Tuesday, December 07, 2004

On Scholarship as a vacuum

This one, pulled from the unpublished archives, goes out to Eric in response to his post on "Theorese."




Response to Doty: “The Cosmological Human Body: Biogenetic and Cultural Factors”

There are times when you have to stop and wonder whether anyone knows how to write clear academic prose anymore. Doty’s “Cosmological Human Body” reads like narratology. Abstraction is abused to no real end outside the confusion (or amusement) of the reader [thanks to Doty we can now discuss “particular parts” and “enacted performance” (as opposed to non-specific parts and latent performance)]. It is a genuine effort to carve away from his unnatural prose all the filler and senseless abstraction, and once that is done very little of value remains.

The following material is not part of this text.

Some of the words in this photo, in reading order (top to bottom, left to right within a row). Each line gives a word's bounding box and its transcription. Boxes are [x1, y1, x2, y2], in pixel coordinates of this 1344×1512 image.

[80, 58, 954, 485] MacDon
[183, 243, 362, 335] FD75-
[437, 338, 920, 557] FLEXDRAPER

Put plainly he claims in the introduction that the human body is central to cosmology. This is hardly addressed and its ‘recognition’ gets us nowhere. Early on he claims that human physical nature both influences and interacts with the social/universal aspects of myth and ritual. The body in essence becomes a model. Culture and biology are non-exclusive determinants of what is characteristically human. Further, comparison with animal nature yields helpful data toward understanding the use of the body in ritual as both a link to and a microcosm of the universal. However, “Ritualization” among non-human animals is merely a helpful model that must not be given too much weight. Finally, the human body is correlative to one’s social structure, existing as an individualized code which makes the universal immediate. The apparent lack of ritual among moderns is an illusion: we simply have different types of ritual. So far so good. Now one should expect evidence beyond the scattered theoretical ramblings of scholars across several fields.

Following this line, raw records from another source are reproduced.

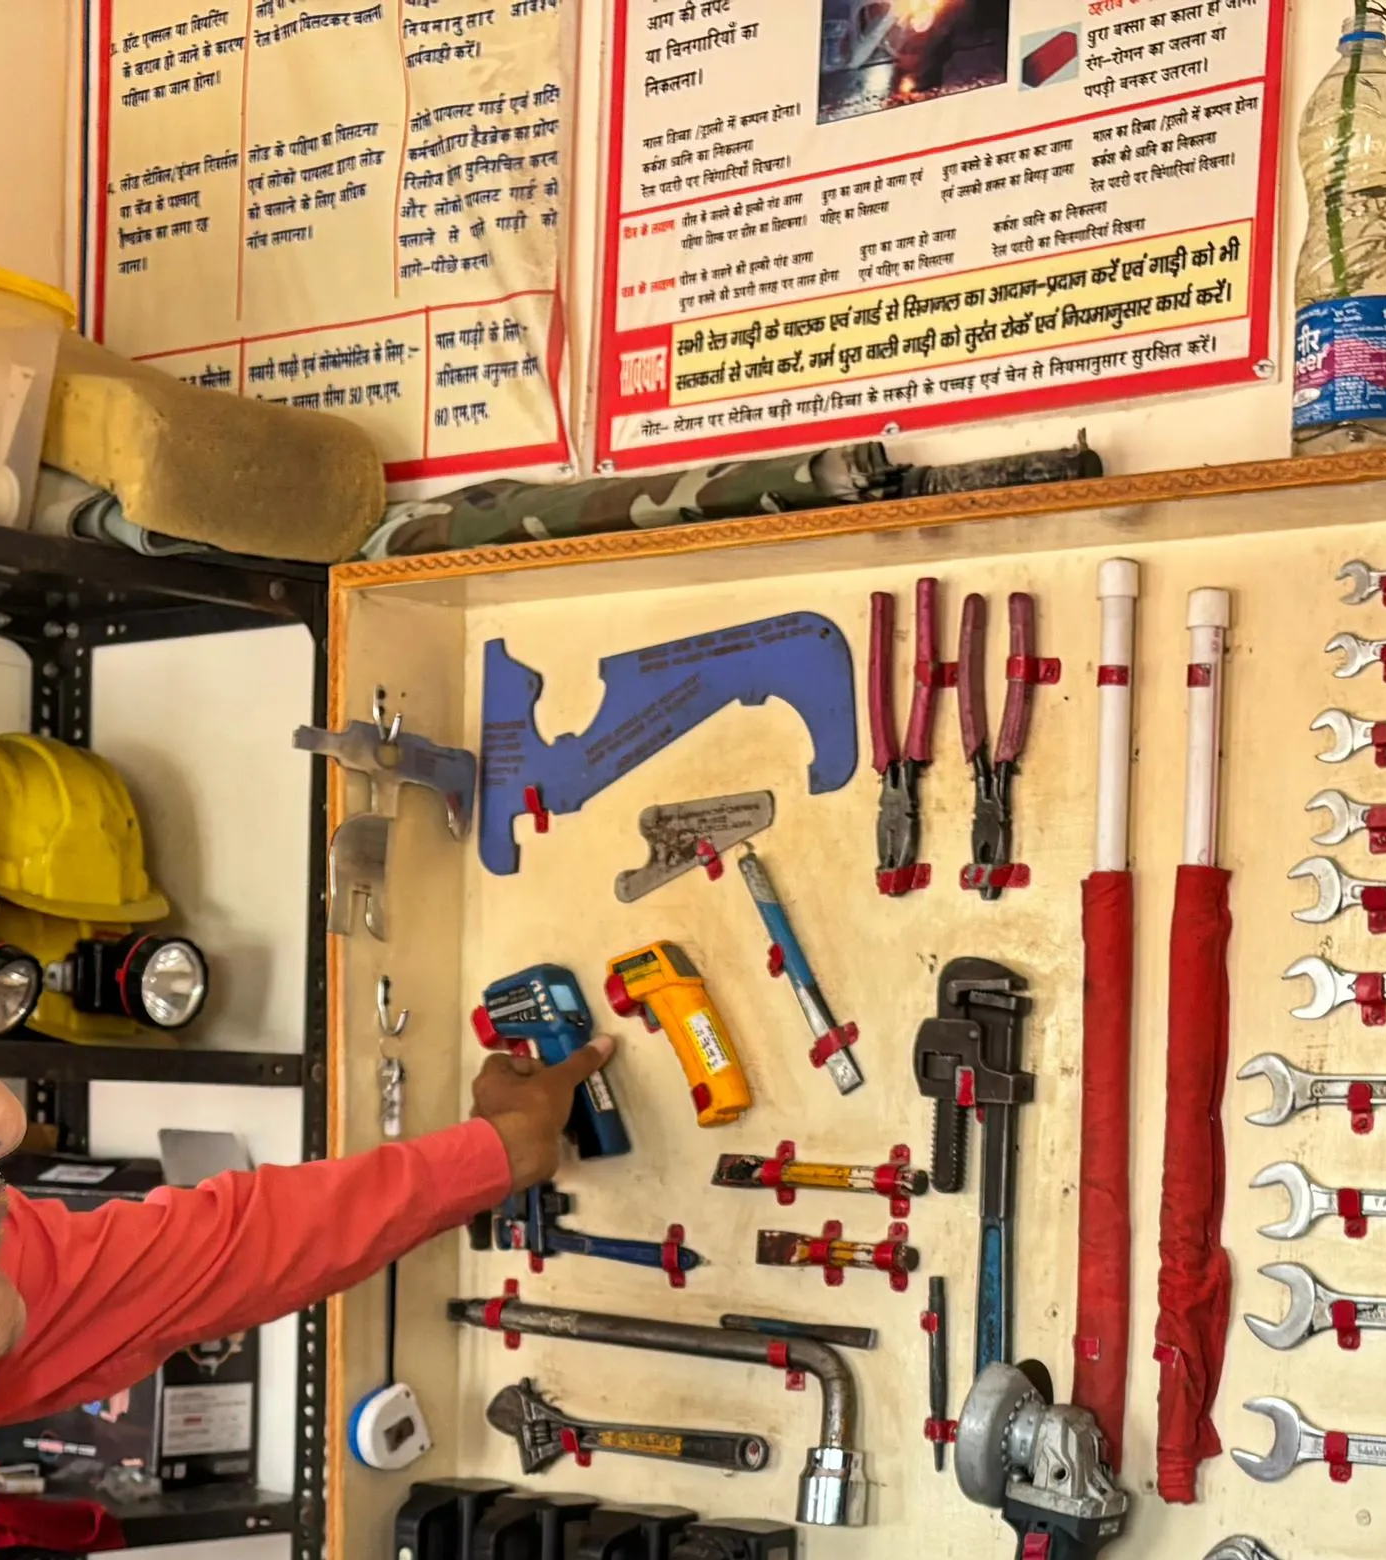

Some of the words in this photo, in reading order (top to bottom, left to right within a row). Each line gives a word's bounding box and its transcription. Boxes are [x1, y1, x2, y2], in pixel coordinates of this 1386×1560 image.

[645, 48, 661, 64] या
[740, 23, 759, 40] का
[1148, 41, 1164, 57] का
[1211, 26, 1227, 42] या
[1149, 12, 1167, 28] का
[1169, 4, 1204, 23] काला
[677, 330, 704, 357] सभी
[707, 331, 728, 352] रेल
[731, 320, 761, 350] गाड़ी
[765, 319, 781, 341] के
[784, 315, 825, 338] चालक
[830, 305, 853, 332] एवं
[853, 299, 884, 326] गार्ड
[886, 298, 900, 321] से
[964, 288, 985, 307] का
[1091, 257, 1119, 285] करें
[1122, 253, 1148, 282] एवं
[1149, 245, 1187, 278] गाड़ी
[1191, 241, 1215, 268] को
[1219, 235, 1241, 263] भी
[728, 360, 742, 383] से
[745, 355, 774, 379] जांच
[809, 343, 837, 369] गर्म
[838, 345, 863, 373] धुरा
[866, 334, 899, 360] वाली
[903, 327, 935, 358] गाड़ी
[941, 324, 961, 348] को
[965, 319, 996, 353] तुरंत
[1001, 311, 1033, 340] रोकें
[1035, 307, 1061, 334] एवं
[1062, 297, 1153, 330] नियमानुसार
[1155, 283, 1193, 312] कार्य
[709, 413, 724, 428] पर
[867, 387, 879, 404] के
[922, 378, 935, 395] के
[980, 366, 1001, 390] एवं
[1005, 364, 1026, 382] चेन
[1033, 360, 1044, 380] से
[1131, 341, 1181, 370] सुरक्षित

Instead we are told that the colors white, red and black have symbolic significance because they represent presumably sperm, blood and excrement, each of which (in some indeterminable way) relates to an intensity of emotion and hence power. The body is the source of all expressions of the social and universal (somehow, though he never quite says how or relates the sperm-blood-excrement triad with the rest of this disconnected section). He feels content then to move on to the social ramifications of what he has failed to prove.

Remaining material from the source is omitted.